TASK DETAILS: Nothing in the listing should be altered when it is copied, and no picture goes into the copy.

---- MATERIAL SHOWN

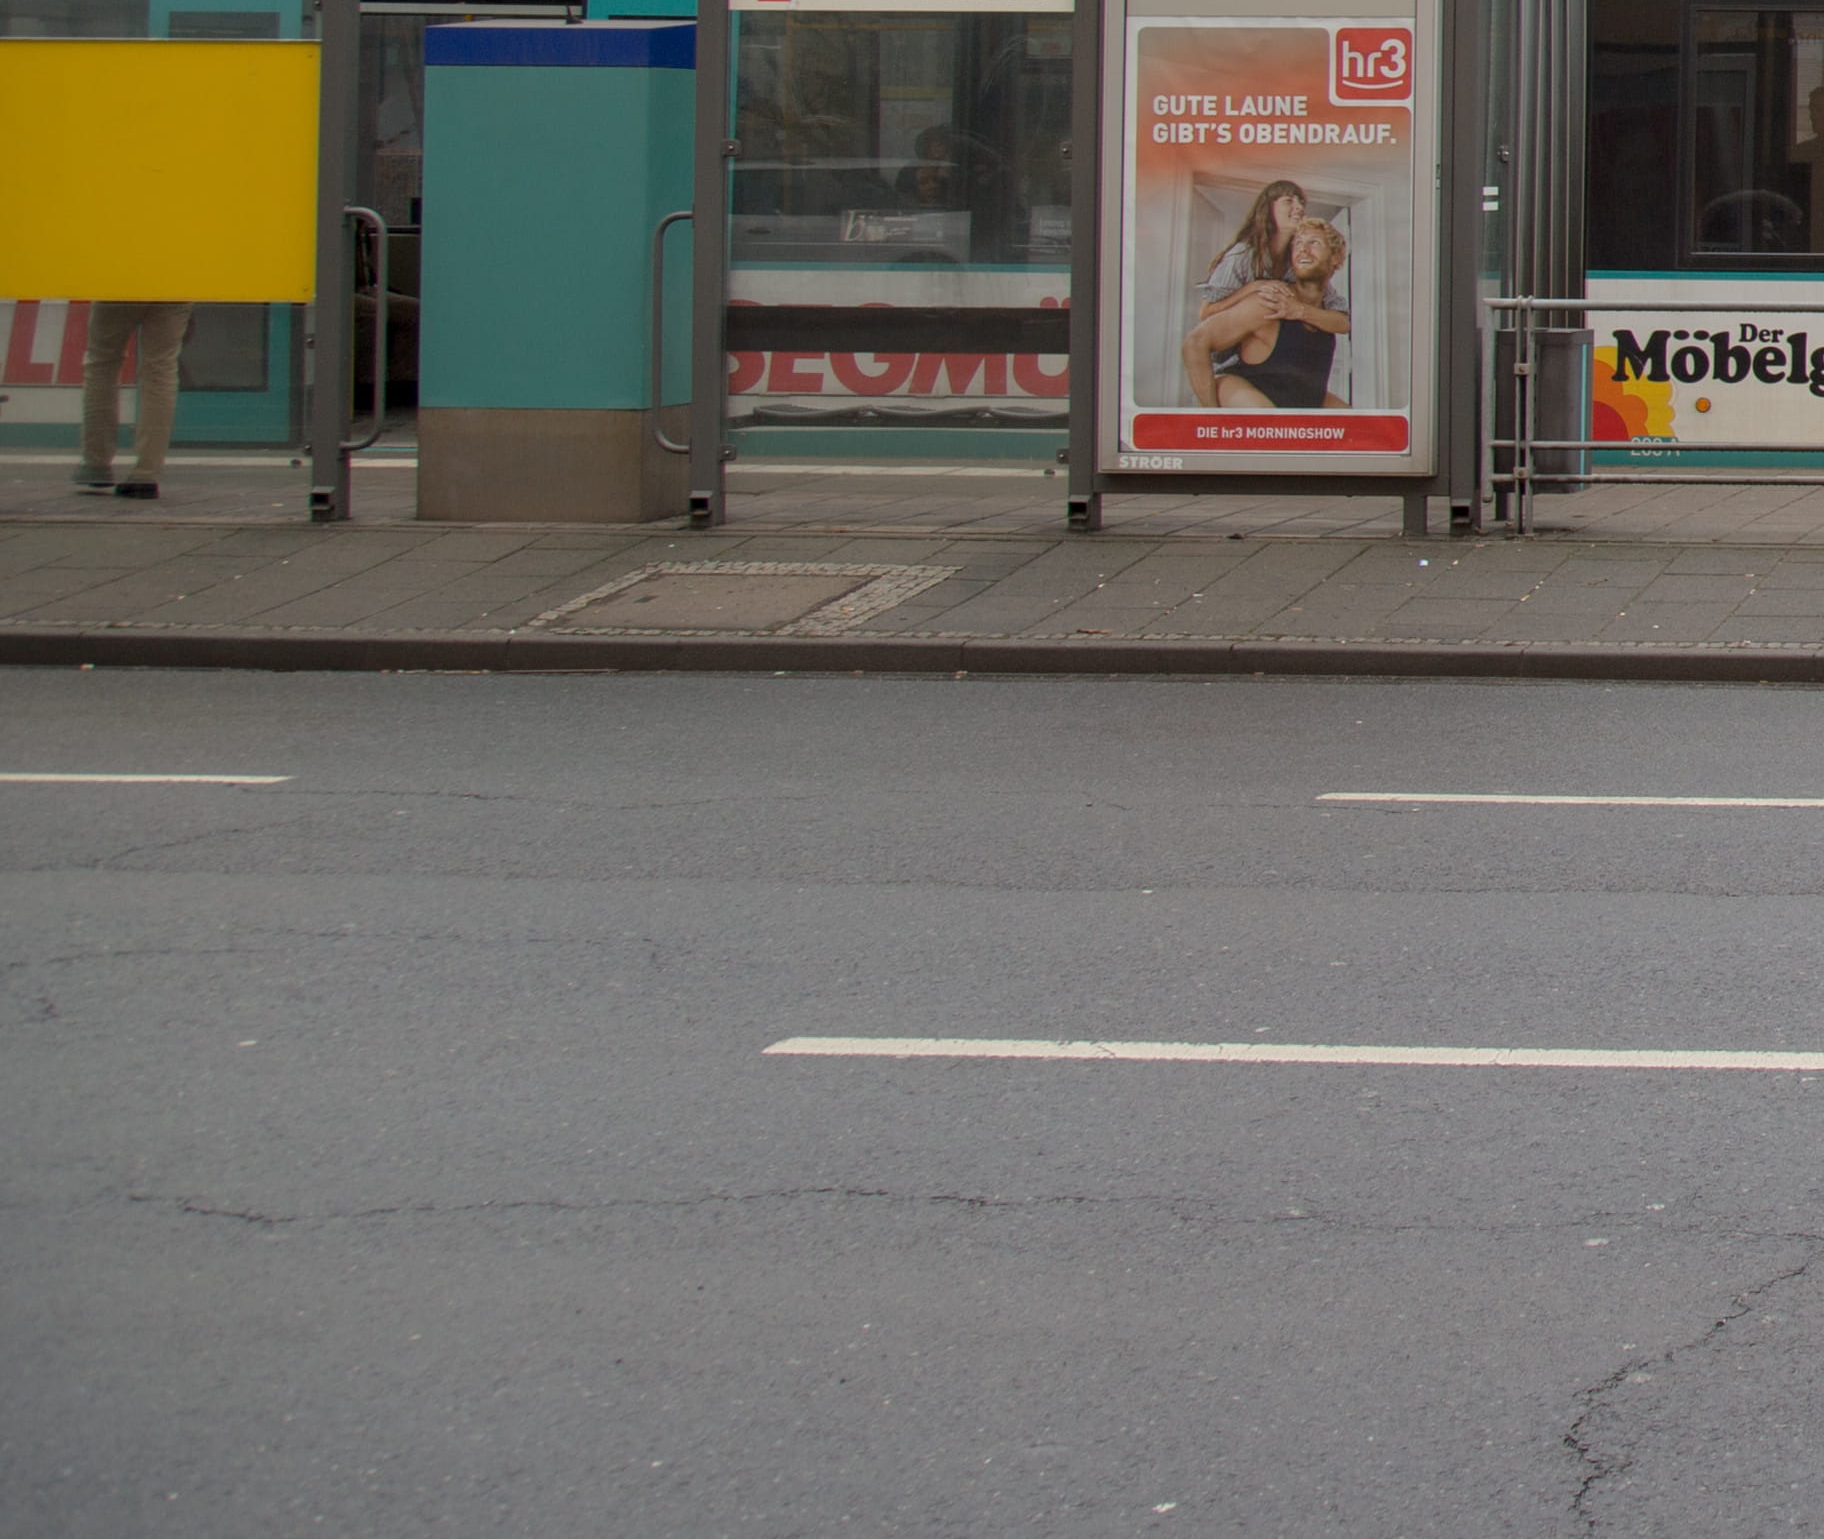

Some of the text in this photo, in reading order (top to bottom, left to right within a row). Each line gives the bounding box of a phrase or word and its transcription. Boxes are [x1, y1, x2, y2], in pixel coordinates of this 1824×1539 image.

[1342, 39, 1407, 79] hr3
[1153, 95, 1308, 117] GUTE LAUNE
[1153, 123, 1397, 145] GIBT’S OBENDRAUF.
[1739, 323, 1783, 343] Der
[1196, 427, 1345, 440] DIE hr3 MORNINGSHOW
[1118, 454, 1183, 470] STRÖER

--------

YOUR RESPONSE:
Some of the text in this photo, in reading order (top to bottom, left to right within a row). Each line gives the bounding box of a phrase or word and its transcription. Boxes are [x1, y1, x2, y2], in pixel coordinates of this 1824×1539 image.

[1342, 39, 1407, 79] hr3
[1153, 95, 1308, 117] GUTE LAUNE
[1153, 123, 1397, 145] GIBT’S OBENDRAUF.
[1739, 323, 1783, 343] Der
[1196, 427, 1345, 440] DIE hr3 MORNINGSHOW
[1118, 454, 1183, 470] STRÖER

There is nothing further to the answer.